# Shotgun Recommendations for Beginner?



## Lincoln (Sep 28, 2008)

Evening friends,

So hey listen, anyone got a recommendation for a good shotgun ideal for those kind of LA Riots type situations where I might be surrounded by massive fires and lootings, especially when it comes to protecting my Barry Manilow collection? Because you never know in life.

I was suggested a Benelli M-2 but the price tag is pretty steep right now. Also suggested Mossbergs but there's quite a few models out there and I get lost in the details.

I guess my criteria would be an all black model, using rounds that are still cheap to buy right now, good for a beginner and affordable (under $1000), but would continue to appreciate in value.

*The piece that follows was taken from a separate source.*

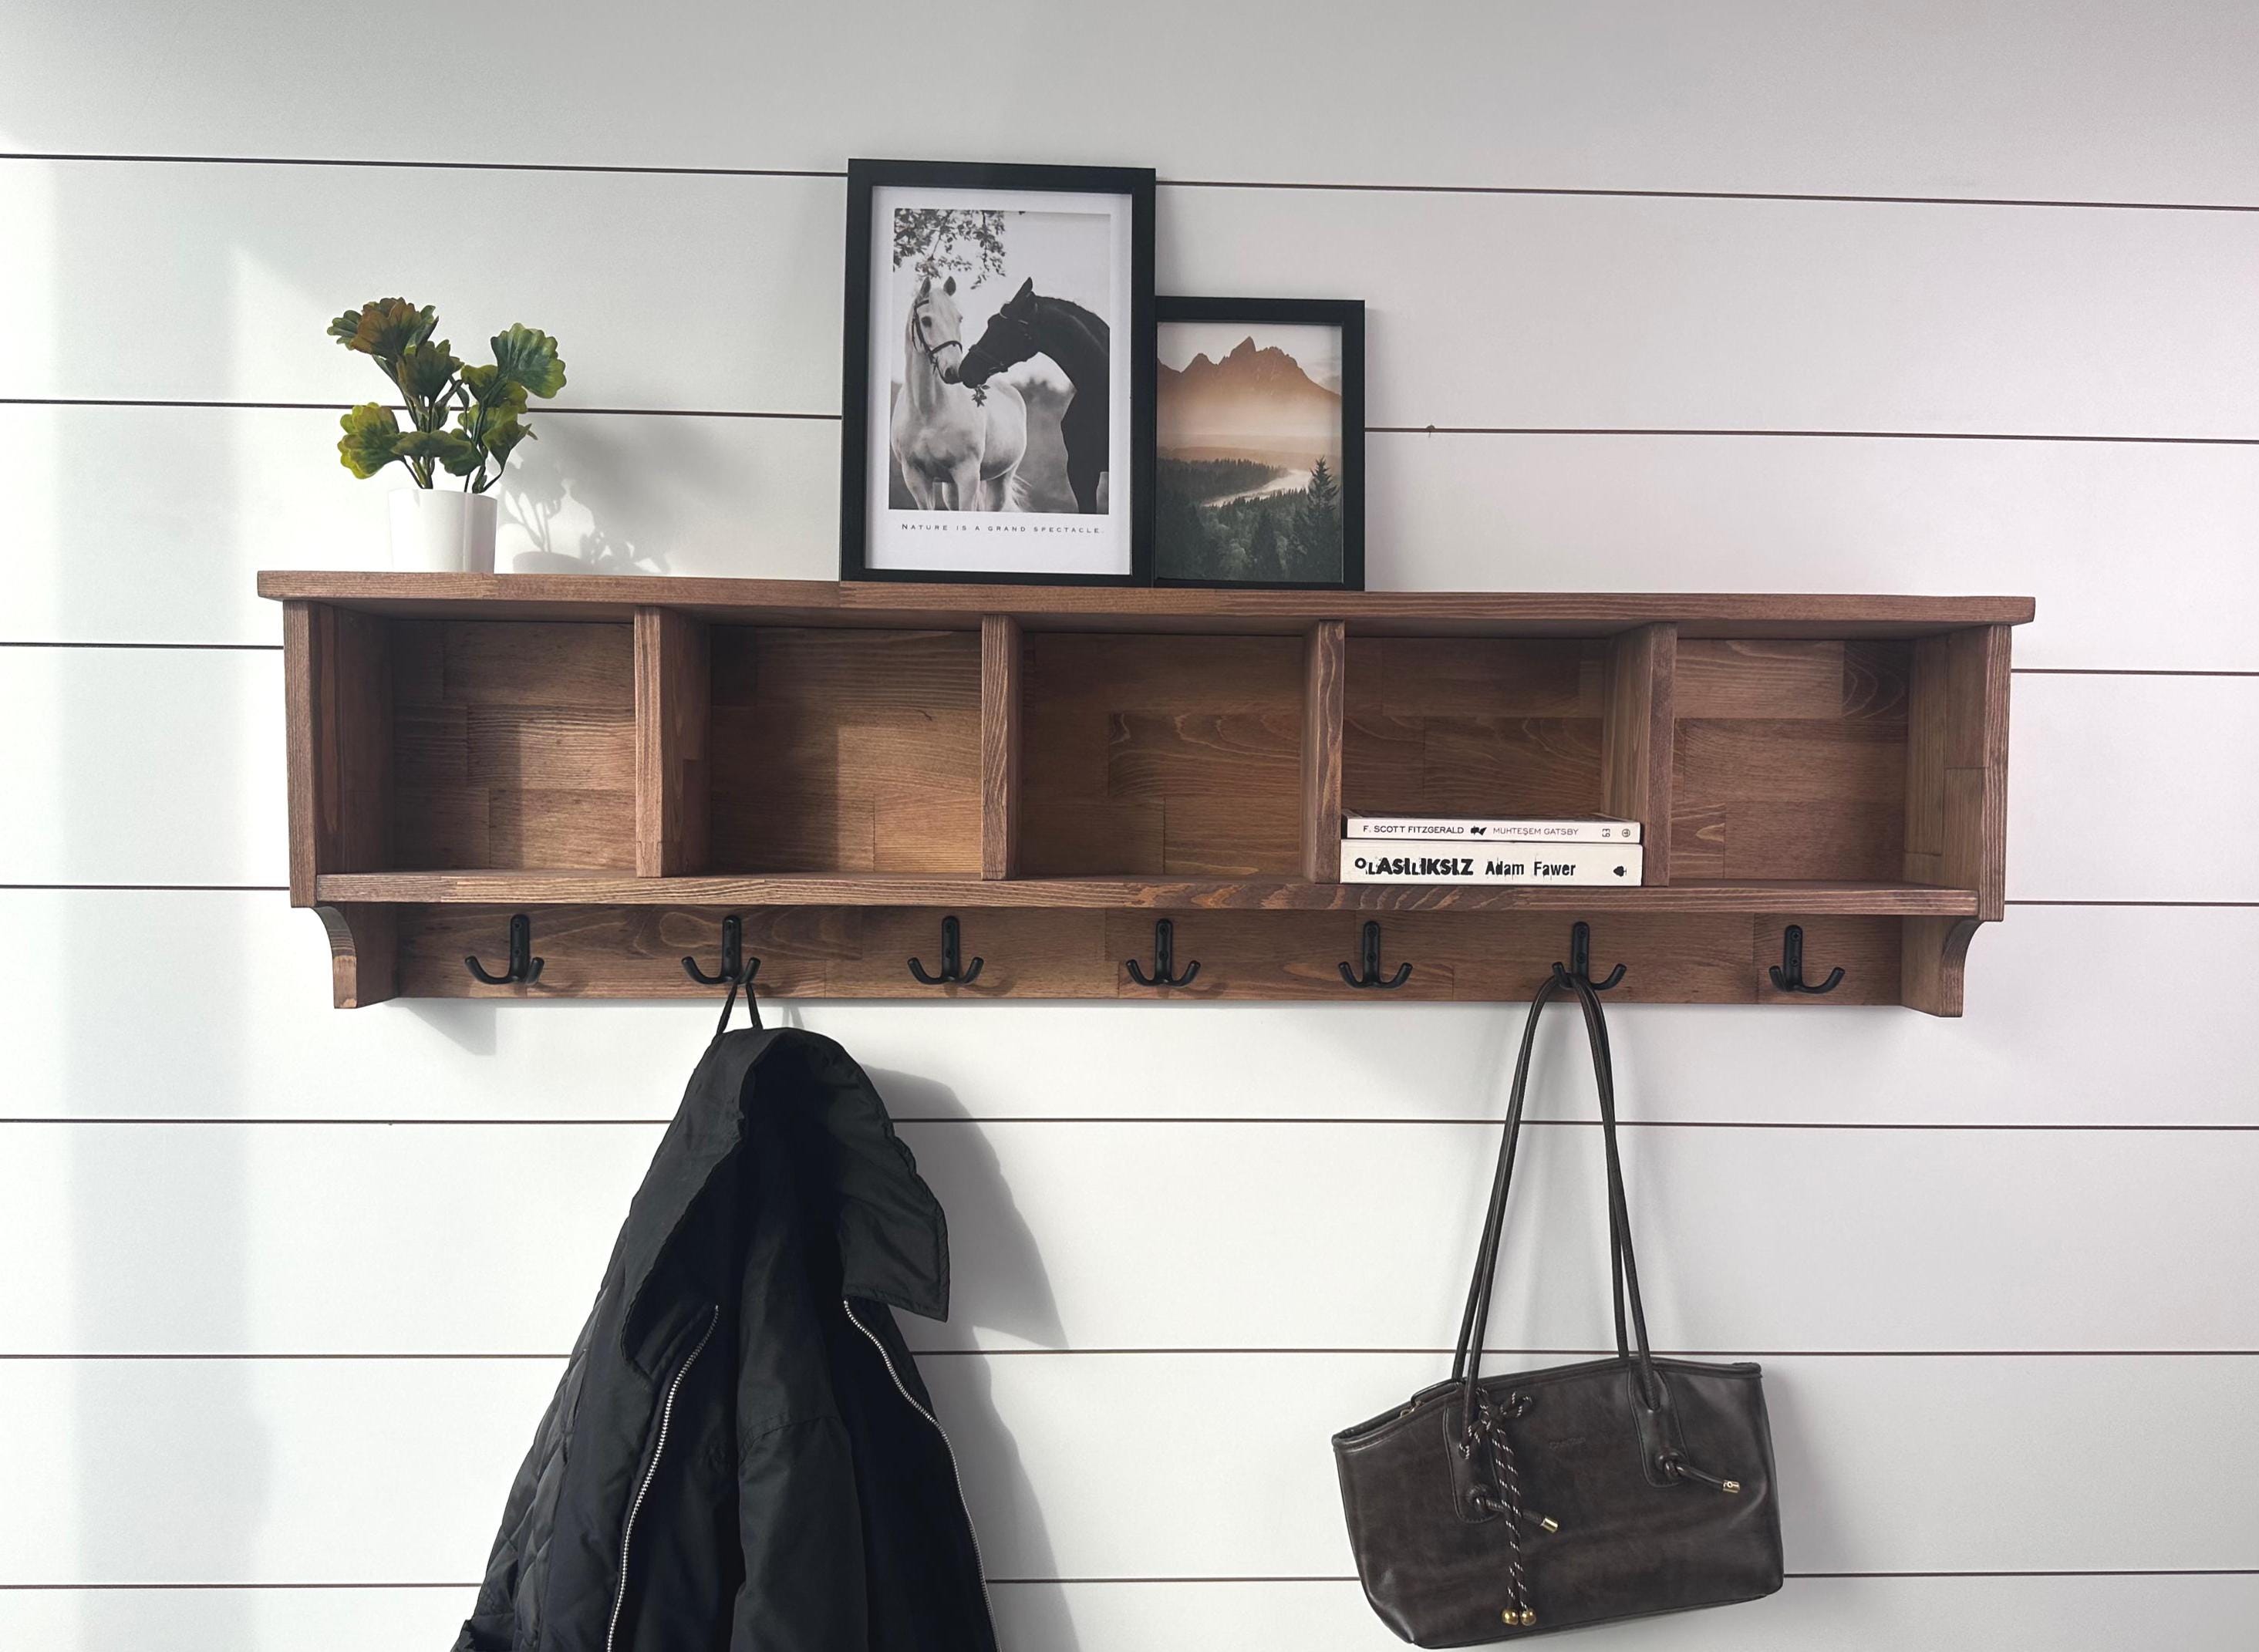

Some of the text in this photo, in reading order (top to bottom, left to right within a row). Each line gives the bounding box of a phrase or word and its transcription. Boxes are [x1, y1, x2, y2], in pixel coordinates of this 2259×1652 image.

Thanks for any suggestions!


----------



## exercisemyright (Dec 19, 2008)

Lincoln said:


> ...especially when it comes to protecting my Barry Manilow collection? Because you never know in life.


+1:smt082

For self defense, your typically looking at a 12 gauge (the all-time favorite home defense gun). 16 and 20 gauges are also available though not as plentiful. Contrary to the numbering they are less powerful. Consequently, they kick less, and that's a definite advantage for your first shotgun! I have heard it argued that a good load in a twenty gauge makes a fine home defense gun. Someone more educated than I should fill you in on the intricacies of load, velocity, etc.

As to manufacturers, these are the top names:
Benelli
Beretta
Mossberg
Winchester
Remington
Stoeger

(What others am I missing guys? Any lesser known names you would vouch for?)

Your second big decision is pump or auto. Personally I'd go with pump because it's a heck of a lot cheaper ... and it just sends tinglies down your spine everytime you rack it:drooling:

Check this guy out: http://www.winchesterguns.com/prodinfo/catalog/detail.asp?cat_id=512&type_id=252&cat=021C I haven't heard anything on it, but that's a rocking price!


----------



## Todd (Jul 3, 2006)

Lincoln said:


> So hey listen, anyone got a recommendation for a good shotgun ideal for those kind of LA Riots type situations where I might be surrounded by massive fires and lootings, especially when it comes to protecting my Barry Manilow collection?


Yeah, it's called the Get the Hell out Of Dodge, Nothing I Own is Worth Engaging an Entire Mob With A Whopping 8 Rounds of Buckshot Before I Have to Reload, I Need to Stop Watching Movies Shotgun made by This Is One of those SHTF Threads So It Is Now Closed.

http://www.handgunforum.net/showthread.php?t=13953


----------